-- REQUIRED ACTION --
Leave out the images and set down the records below exactly.

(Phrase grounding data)
--*--

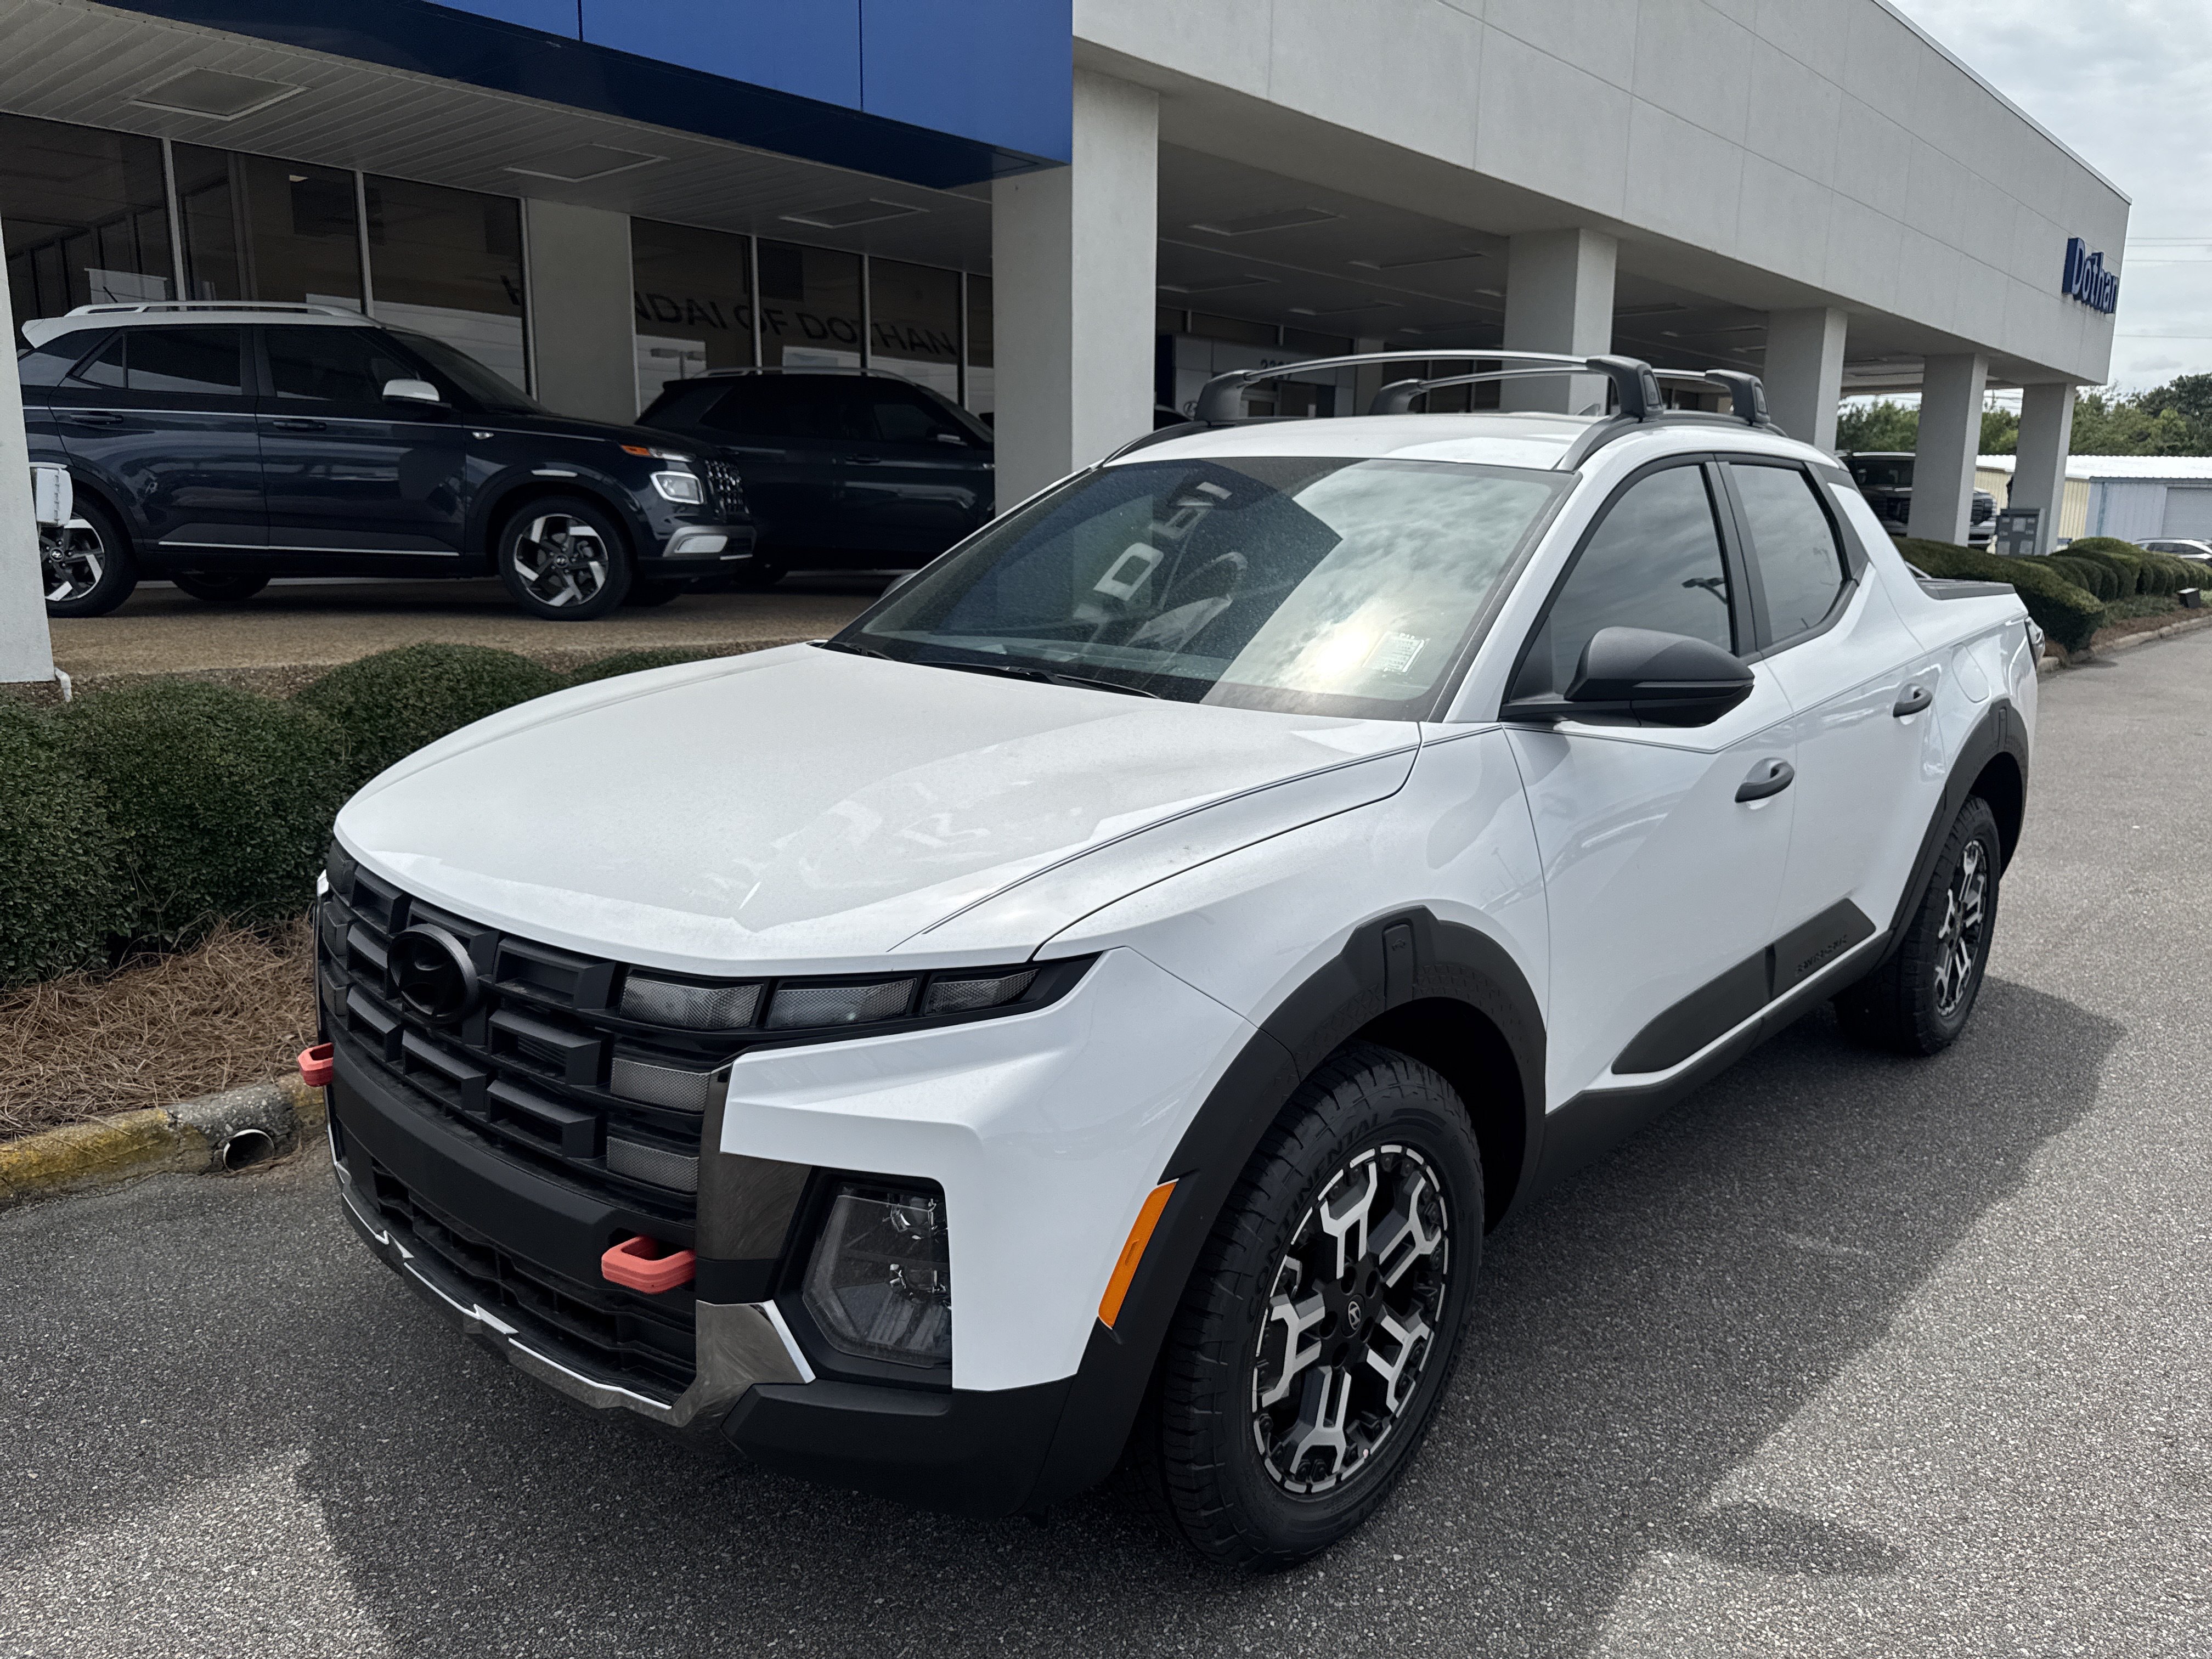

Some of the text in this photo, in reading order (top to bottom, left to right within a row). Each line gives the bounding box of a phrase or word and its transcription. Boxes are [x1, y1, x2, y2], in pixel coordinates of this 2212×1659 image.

[2064, 238, 2119, 313] Dothan
[732, 304, 788, 335] OF
[1246, 1113, 1379, 1324] CONTINENTAL
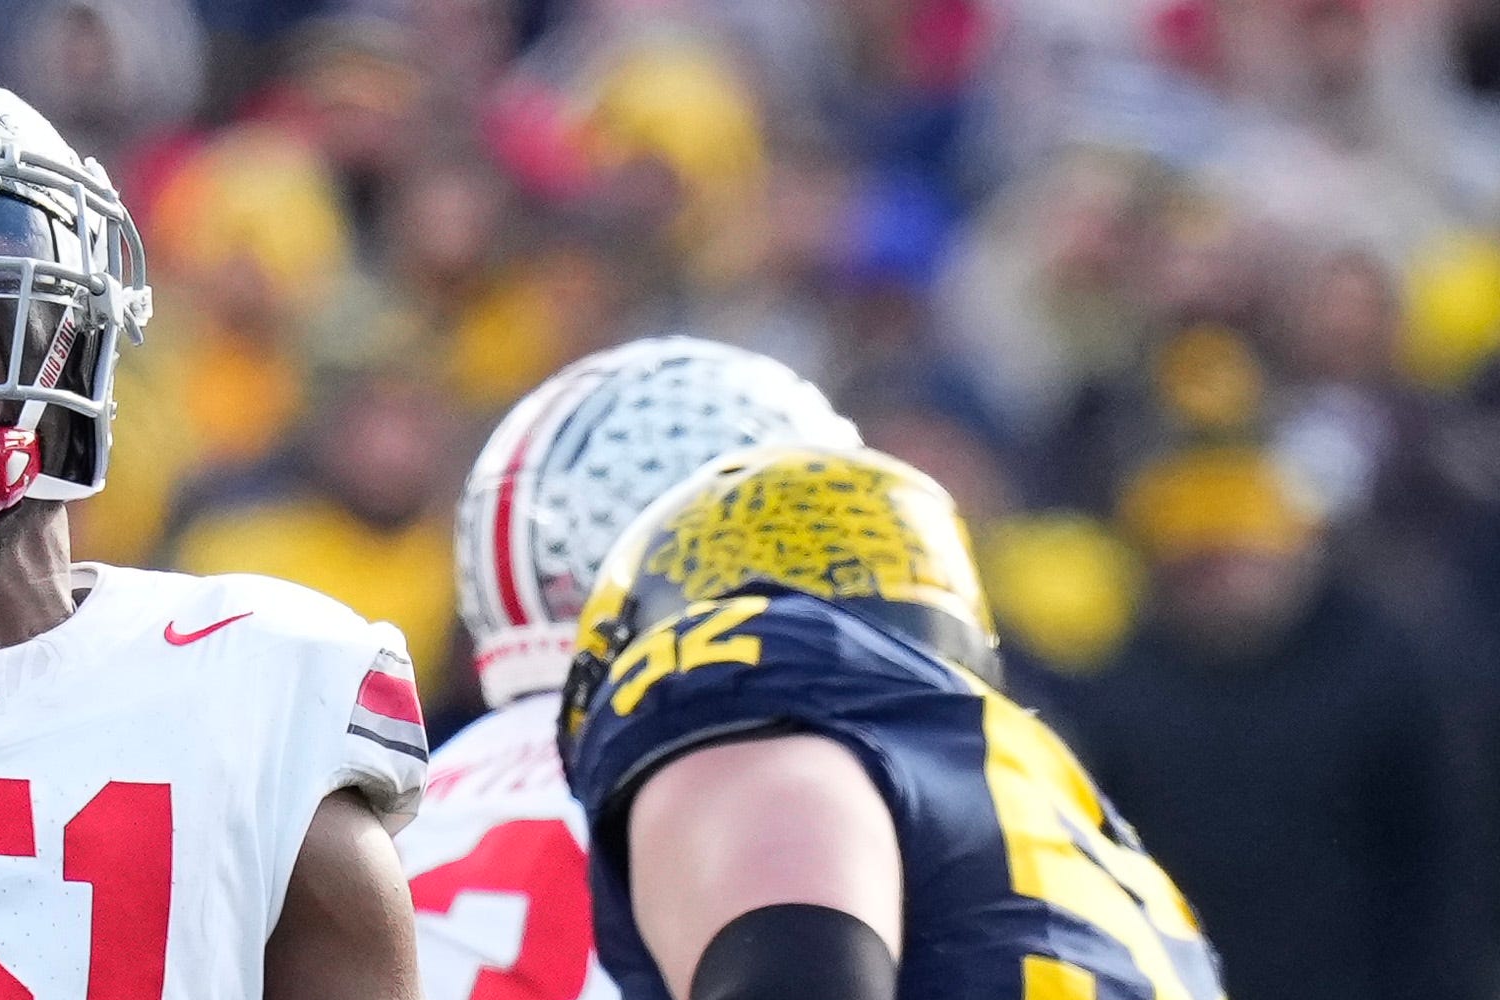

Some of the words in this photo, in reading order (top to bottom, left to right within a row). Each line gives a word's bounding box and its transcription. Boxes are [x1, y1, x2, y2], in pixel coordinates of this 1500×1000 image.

[39, 355, 62, 389] OHIO
[53, 317, 78, 360] STATE
[609, 595, 772, 718] 52

--*--

-- RESULT OF THE EXERCISE --
Some of the text in this photo, in reading order (top to bottom, left to right within a row). Each line gives the bounding box of a phrase or word and its transcription. Boxes are [x1, y1, x2, y2], in pixel coordinates of this 2212×1659 image.

[2064, 238, 2119, 313] Dothan
[732, 304, 788, 335] OF
[1246, 1113, 1379, 1324] CONTINENTAL

Some of the words in this photo, in reading order (top to bottom, left to right within a row). Each line gives a word's bounding box and its transcription. Boxes are [x1, y1, x2, y2], in pixel coordinates of this 1500×1000 image.

[39, 355, 62, 389] OHIO
[53, 317, 78, 360] STATE
[609, 595, 772, 718] 52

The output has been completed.